You have to decide whether you are going to invest your conscious awareness in your flesh or in your soul. There is a very real difference, never mind all the rhetoric and word games that fleshly humans play. You have that choice between listening to the flesh or to your soul, whether you are Elect or not. It's the one thing God has given every human born. Whole civilizations have been built on this truth, but our Western Civilization ignores it.
Those other civilizations were not inherently materialistic, though a great many people within them were. The civilizations themselves assumed a higher importance on transcendent things, and the power for these civilizations to stand was based on something other than mere physical reality. Some of them still built great things, but they took it as a mere symbol of something more important than the things themselves. Then again, some simply never bothered with building much. Because they didn't generate a vast physical material legacy, we know very little about them. All we have are mythical mentions of things for which there is no physical evidence.

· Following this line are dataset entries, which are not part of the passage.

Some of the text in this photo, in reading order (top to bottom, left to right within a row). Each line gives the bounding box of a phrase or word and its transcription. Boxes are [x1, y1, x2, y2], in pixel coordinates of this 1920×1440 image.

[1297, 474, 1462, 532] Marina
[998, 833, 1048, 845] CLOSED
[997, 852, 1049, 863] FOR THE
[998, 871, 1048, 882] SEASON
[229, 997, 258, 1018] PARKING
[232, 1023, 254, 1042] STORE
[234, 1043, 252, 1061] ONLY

We'll never know how great they may have been. Then again, we do have some very puzzling things left behind. How would a civilization that focused on transcendent values leave a message of their values and concerns? You should understand that a transcendent system is inherently interested in transmitting its fundamental claims. Well, that collection of oddities that nobody can explain under the current civilization is probably a part of that very thing -- someone trying to leave a message for those who followed.
The primary reason we don't understand is that the West has rejected the underlying transcendent orientation, something those civilizations could not have imagined. All we know is the material world, and our basic assumption that this is all there is. The one thing those previous civilizations all shared is something we do not have. We cannot receive the message because we cannot imagine the underlying language and the values on which it is based. They all would have less trouble understanding each other, but the West is unique in its materialistic assumptions.

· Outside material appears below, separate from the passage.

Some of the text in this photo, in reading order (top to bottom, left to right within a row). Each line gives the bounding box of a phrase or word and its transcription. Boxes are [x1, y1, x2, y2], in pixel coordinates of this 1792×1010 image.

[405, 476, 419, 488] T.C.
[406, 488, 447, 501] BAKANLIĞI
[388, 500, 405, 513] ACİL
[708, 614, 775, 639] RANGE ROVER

Western people evaluate all things in a circular logic, that what we value is the only true value, and therefore any other value system is regarded as having no values at all. Westerners believe their way is not simply the best way; it's the only way. The other ways simply do not exist. This is why we have no clue about things like the Nazca Lines or the pyramids found all over the world. We will never understand Göbekli Tepe or other mysteries. We utterly lack the means to grasp the context.
And should people today stumble across the old ways of understanding, they'll be discounted by the "experts" who have built a mythology of their own based on the materialistic approach to human knowledge. The transcendent orientation is dismissed as inherently wrong and wrong-headed. Of late, our highest cultural expressions celebrate materialism.
The Bible arose in a transcendent atmosphere, toward the fraying end of previous civilizations. It's strongest message was the very act of confronting the birth of a materialistic civilization: the Greco-Roman. The problem Jesus addressed was in part based on the way His people had embraced the materialistic approach, and had completely lost their transcendent understanding. His kingdom is transcendent, and merely uses the material realm as a means of expressing its truth. His kingdom won't leave any significant marks on the planet, because the planet is just a means to a higher end.
This is the biggest problem we have: That word "faith" refers to a transcendent approach to life. It rests wholly on rejecting the material and physical as of little consequence. Faith is not a matter of what's in your head; it's what's in your heart. And your heart is the interface to your eternal soul. Christian faith is a very personal connection to a transcendent God. If you get lost in the physical material reality, you have no good connection with Him. Faith is exercising a transcendent awareness.